Task to carry out = Without including the pictures, copy out every line below.
##### Available data
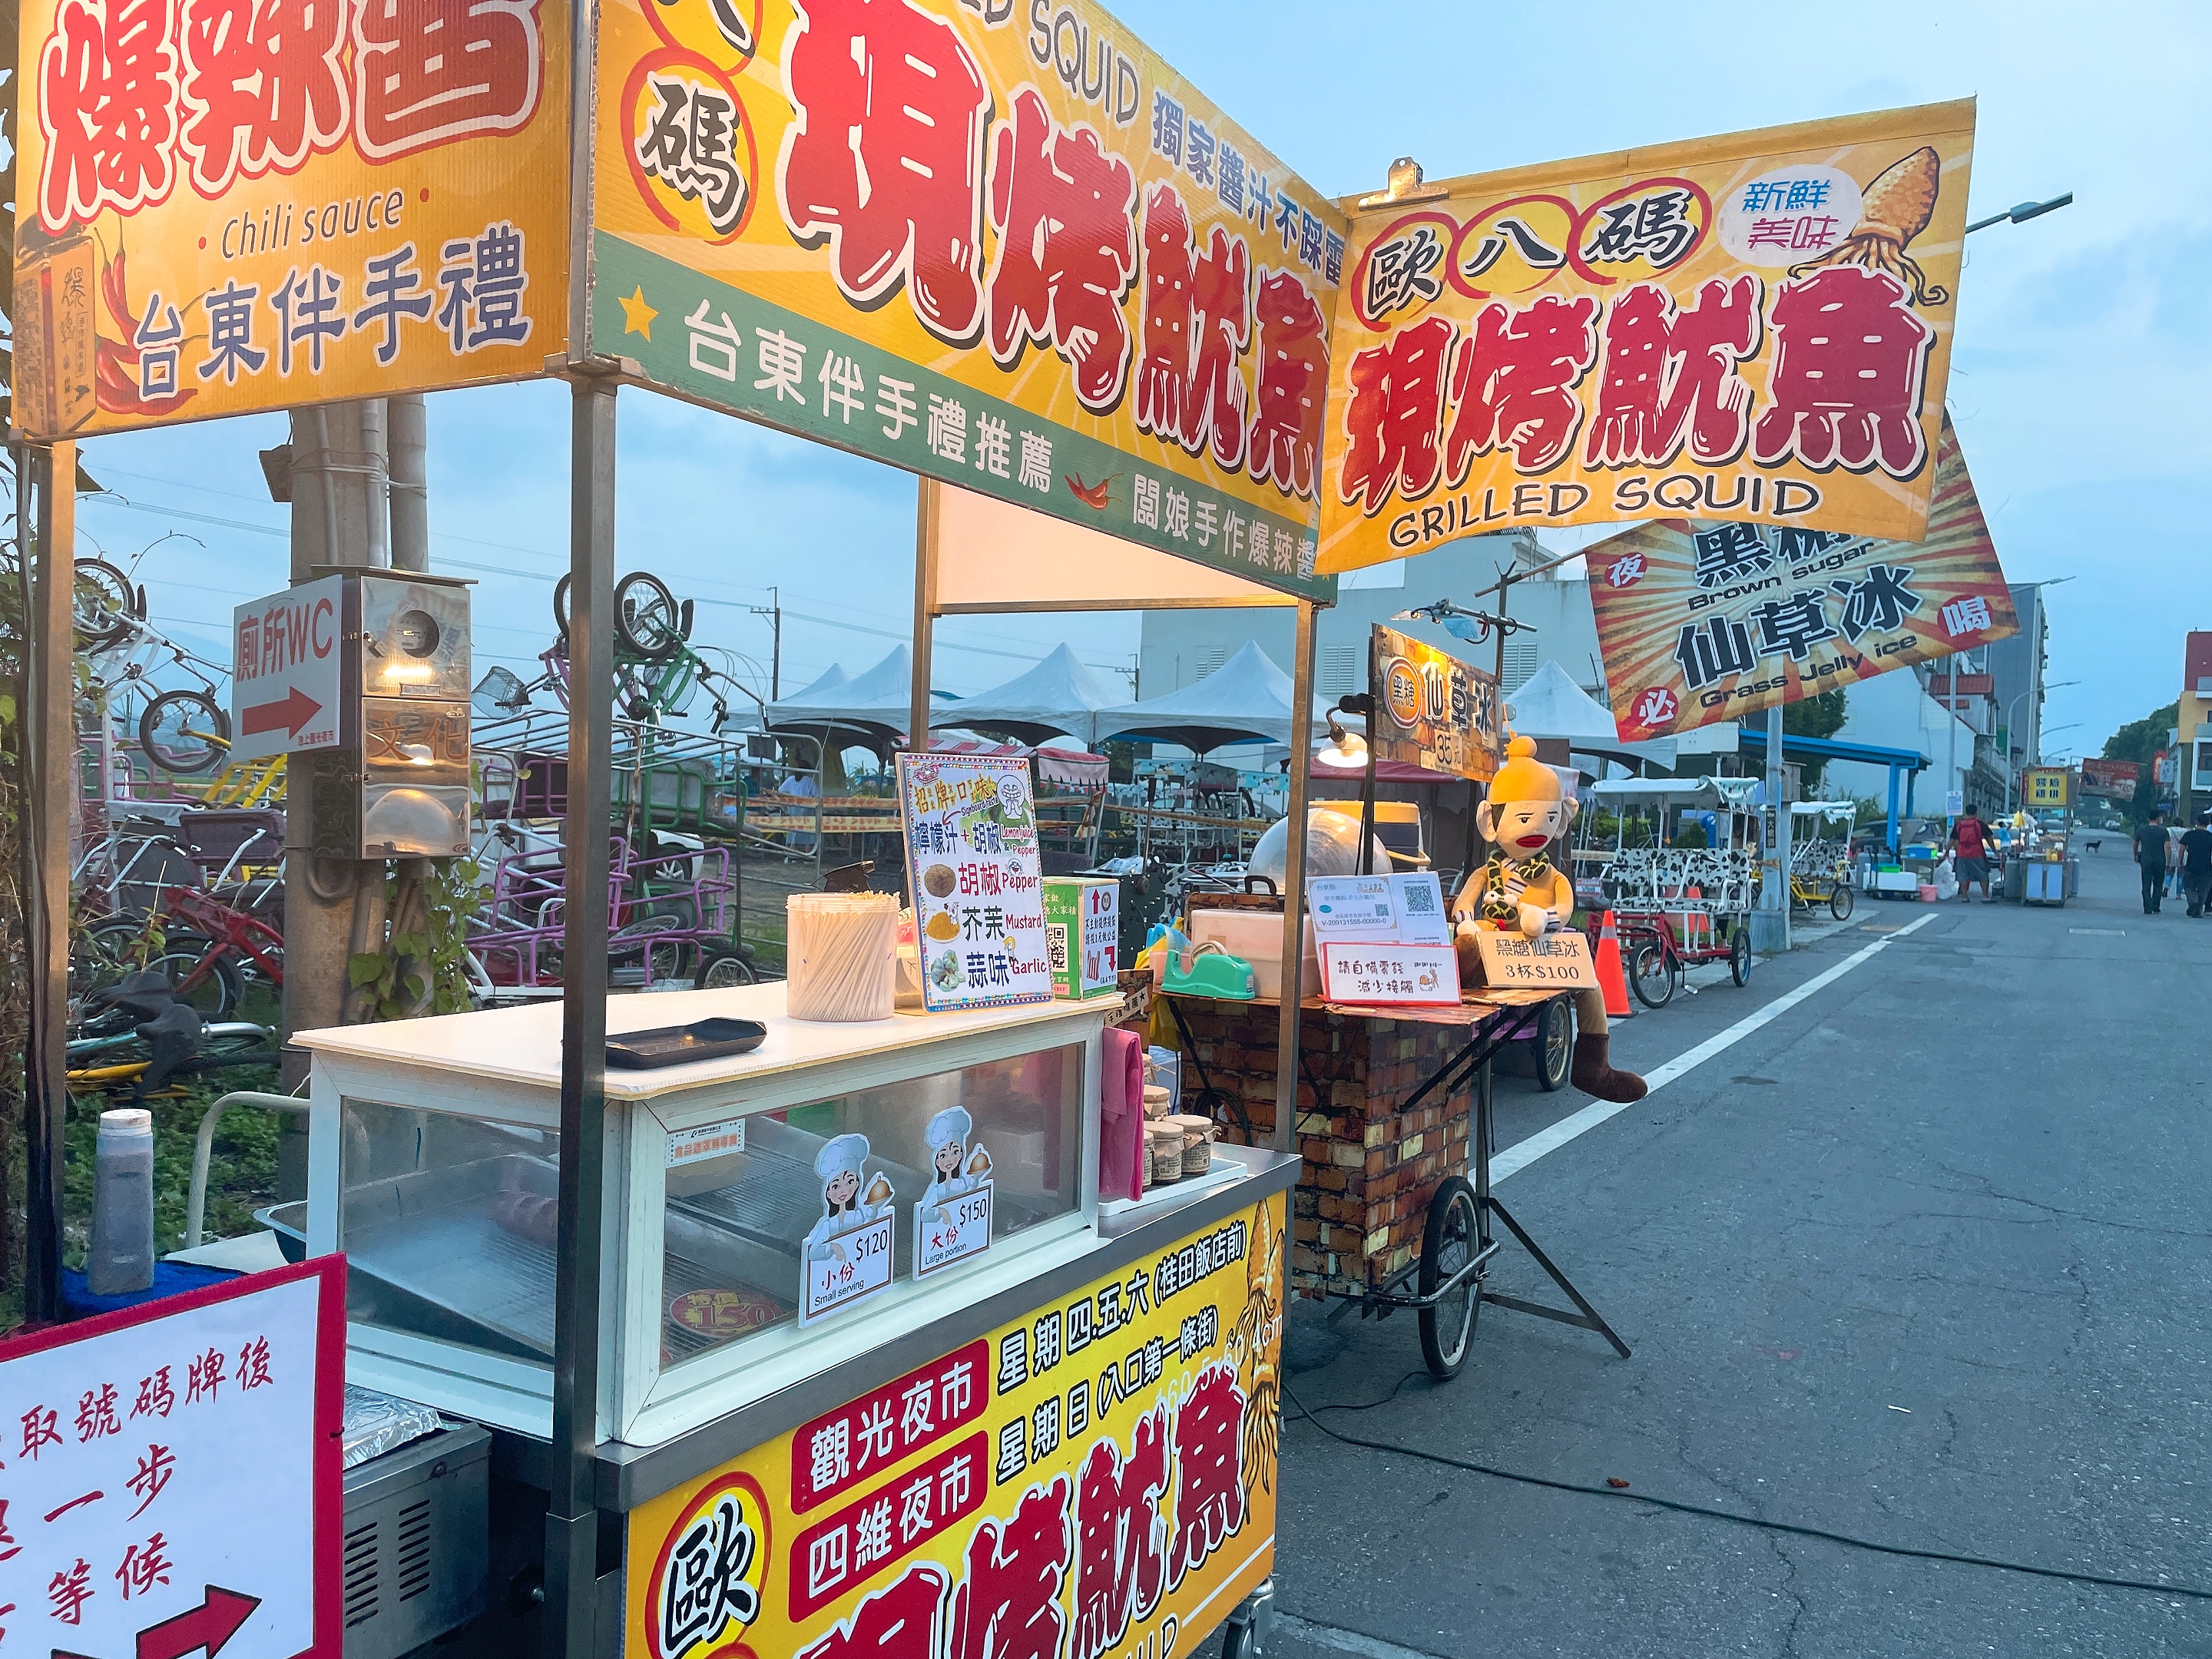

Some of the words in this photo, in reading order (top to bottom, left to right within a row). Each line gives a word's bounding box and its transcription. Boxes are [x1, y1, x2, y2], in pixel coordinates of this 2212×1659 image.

[1029, 0, 1139, 124] SQUID
[635, 0, 757, 235] 碼
[1152, 90, 1344, 287] 獨家醬汁不踩雷
[1741, 178, 1831, 212] 新鮮
[301, 191, 403, 243] sauce
[1747, 214, 1839, 250] 美味
[776, 0, 1329, 507] 現烤魷魚
[1363, 190, 1699, 323] 歐八碼
[134, 219, 535, 402] 台東伴手禮
[684, 298, 1052, 495] 台東伴手禮推薦
[1339, 265, 1934, 516] 現烤魷魚
[1132, 472, 1316, 582] 闆娘手作爆辣醬
[1389, 483, 1589, 548] GRILLED
[1614, 475, 1821, 515] SQUID
[1608, 554, 1645, 588] 夜
[1687, 575, 1783, 611] Brown
[1791, 541, 1875, 581] sugar
[1674, 564, 1923, 692] 仙草冰
[1941, 596, 1992, 638] 喝
[1699, 673, 1789, 708] Grass
[1800, 652, 1864, 682] Jelly
[1874, 635, 1918, 659] ice
[1392, 674, 1416, 708] 黑糖
[1421, 661, 1493, 741] 仙草冰
[1638, 689, 1676, 727] 必
[914, 820, 959, 856] 檸檬汁
[972, 821, 1002, 855] 胡椒
[1001, 824, 1020, 840] Lemon
[1019, 826, 1035, 843] juice
[1012, 844, 1037, 858] Pepper
[958, 861, 1002, 897] 胡椒
[1002, 872, 1038, 894] Pepper
[1005, 913, 1043, 931] Mustard
[1012, 958, 1048, 975] Garlic
[1337, 959, 1405, 975] 請自備零錢
[1495, 938, 1581, 958] 黑糖仙草冰
[966, 950, 1010, 990] 蒜味
[1357, 979, 1414, 995] 減少接觸
[1505, 964, 1580, 981] 3杯$100
[959, 1197, 988, 1228] $150
[856, 1228, 889, 1263] $120
[925, 1251, 945, 1266] Large
[945, 1242, 968, 1260] portion
[930, 1224, 960, 1252] 大份
[814, 1289, 836, 1307] Small
[837, 1279, 865, 1296] serving
[821, 1260, 856, 1291] 小份
[0, 1334, 275, 1469] 取號碼牌後
[810, 1361, 973, 1493] 觀光夜市
[808, 1454, 972, 1599] 四維夜市
[0, 1532, 174, 1650] 等候
[659, 1494, 760, 1659] 歐
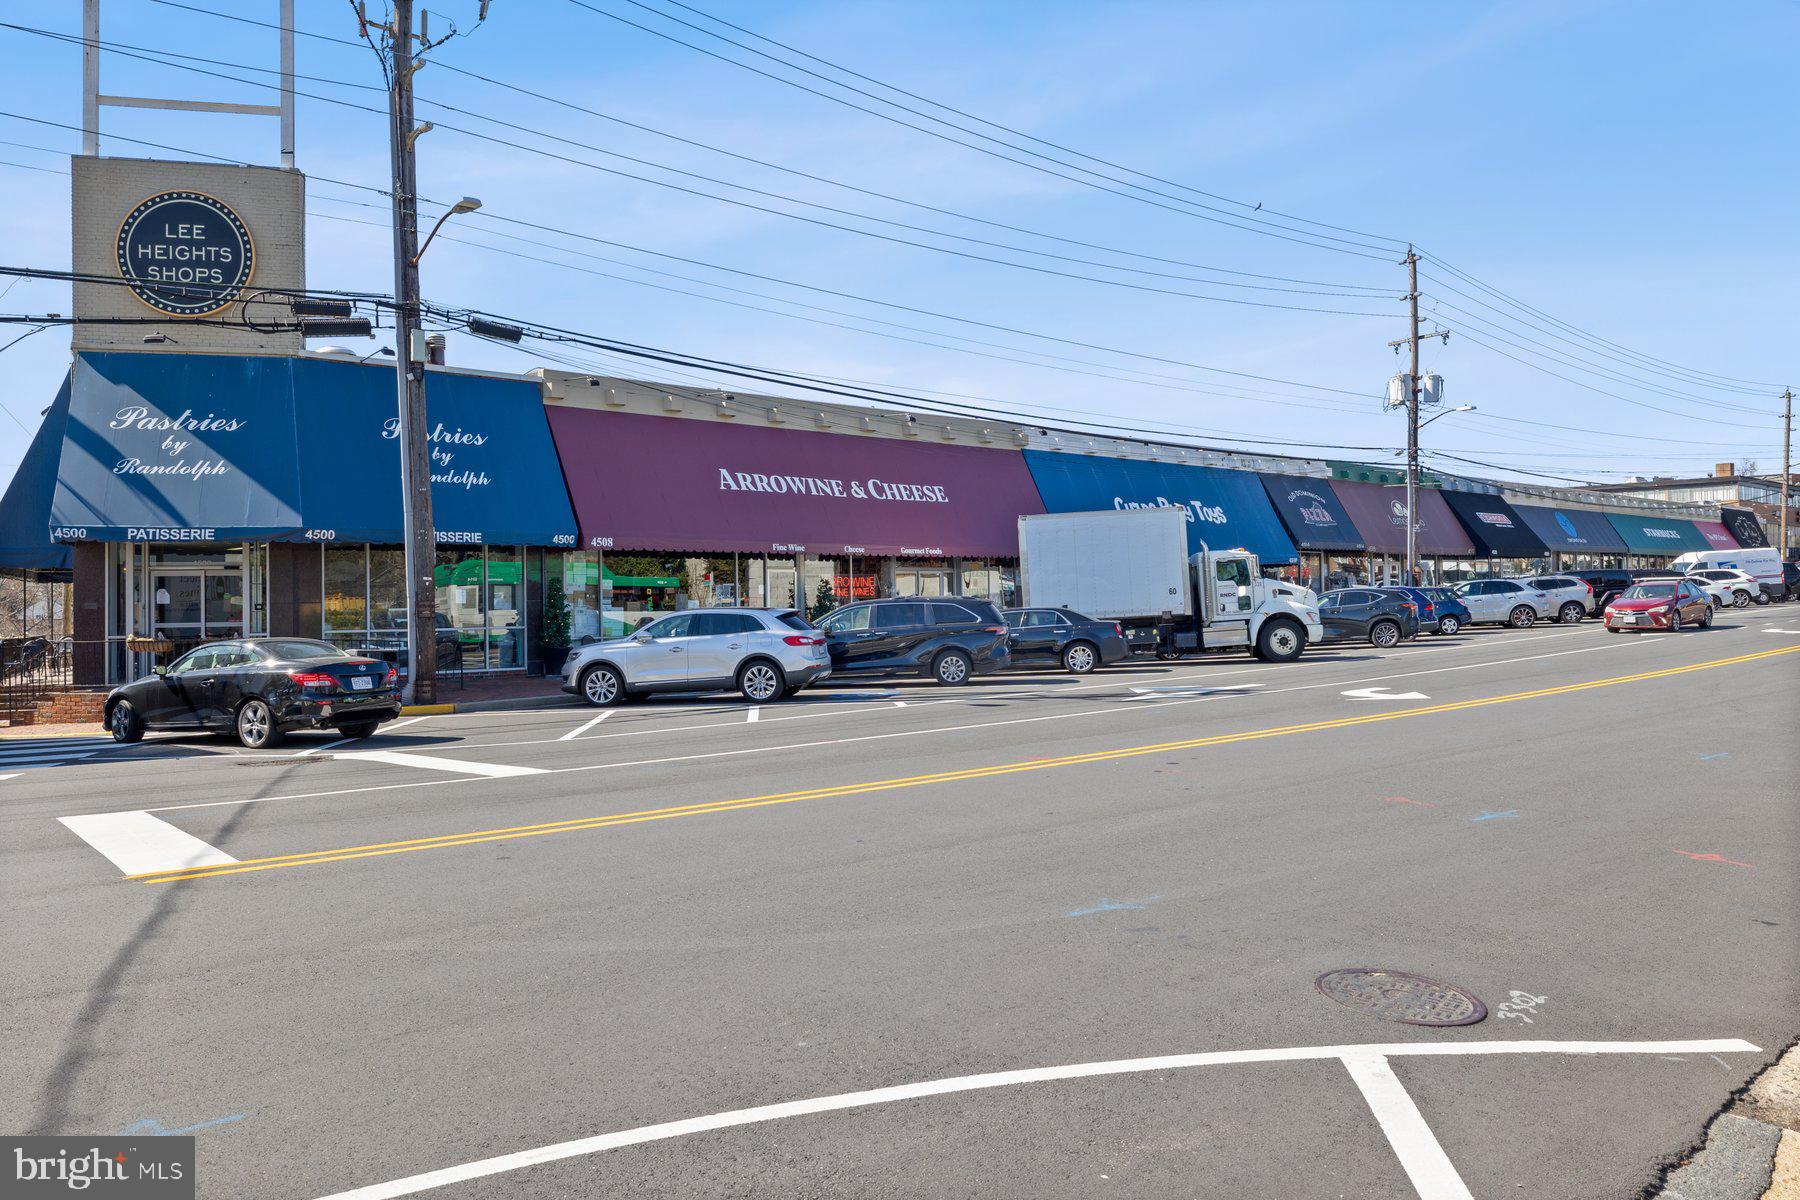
##########
Result of the task =
Some of the words in this photo, in reading order (top to bottom, left to right within a row). Each line gives a word's bounding box and its transcription. Boxes are [x1, y1, x2, y2], in pixel coordinates of this 2212×1659 image.

[1029, 0, 1139, 124] SQUID
[635, 0, 757, 235] 碼
[1152, 90, 1344, 287] 獨家醬汁不踩雷
[1741, 178, 1831, 212] 新鮮
[301, 191, 403, 243] sauce
[1747, 214, 1839, 250] 美味
[776, 0, 1329, 507] 現烤魷魚
[1363, 190, 1699, 323] 歐八碼
[134, 219, 535, 402] 台東伴手禮
[684, 298, 1052, 495] 台東伴手禮推薦
[1339, 265, 1934, 516] 現烤魷魚
[1132, 472, 1316, 582] 闆娘手作爆辣醬
[1389, 483, 1589, 548] GRILLED
[1614, 475, 1821, 515] SQUID
[1608, 554, 1645, 588] 夜
[1687, 575, 1783, 611] Brown
[1791, 541, 1875, 581] sugar
[1674, 564, 1923, 692] 仙草冰
[1941, 596, 1992, 638] 喝
[1699, 673, 1789, 708] Grass
[1800, 652, 1864, 682] Jelly
[1874, 635, 1918, 659] ice
[1392, 674, 1416, 708] 黑糖
[1421, 661, 1493, 741] 仙草冰
[1638, 689, 1676, 727] 必
[914, 820, 959, 856] 檸檬汁
[972, 821, 1002, 855] 胡椒
[1001, 824, 1020, 840] Lemon
[1019, 826, 1035, 843] juice
[1012, 844, 1037, 858] Pepper
[958, 861, 1002, 897] 胡椒
[1002, 872, 1038, 894] Pepper
[1005, 913, 1043, 931] Mustard
[1012, 958, 1048, 975] Garlic
[1337, 959, 1405, 975] 請自備零錢
[1495, 938, 1581, 958] 黑糖仙草冰
[966, 950, 1010, 990] 蒜味
[1357, 979, 1414, 995] 減少接觸
[1505, 964, 1580, 981] 3杯$100
[959, 1197, 988, 1228] $150
[856, 1228, 889, 1263] $120
[925, 1251, 945, 1266] Large
[945, 1242, 968, 1260] portion
[930, 1224, 960, 1252] 大份
[814, 1289, 836, 1307] Small
[837, 1279, 865, 1296] serving
[821, 1260, 856, 1291] 小份
[0, 1334, 275, 1469] 取號碼牌後
[810, 1361, 973, 1493] 觀光夜市
[808, 1454, 972, 1599] 四維夜市
[0, 1532, 174, 1650] 等候
[659, 1494, 760, 1659] 歐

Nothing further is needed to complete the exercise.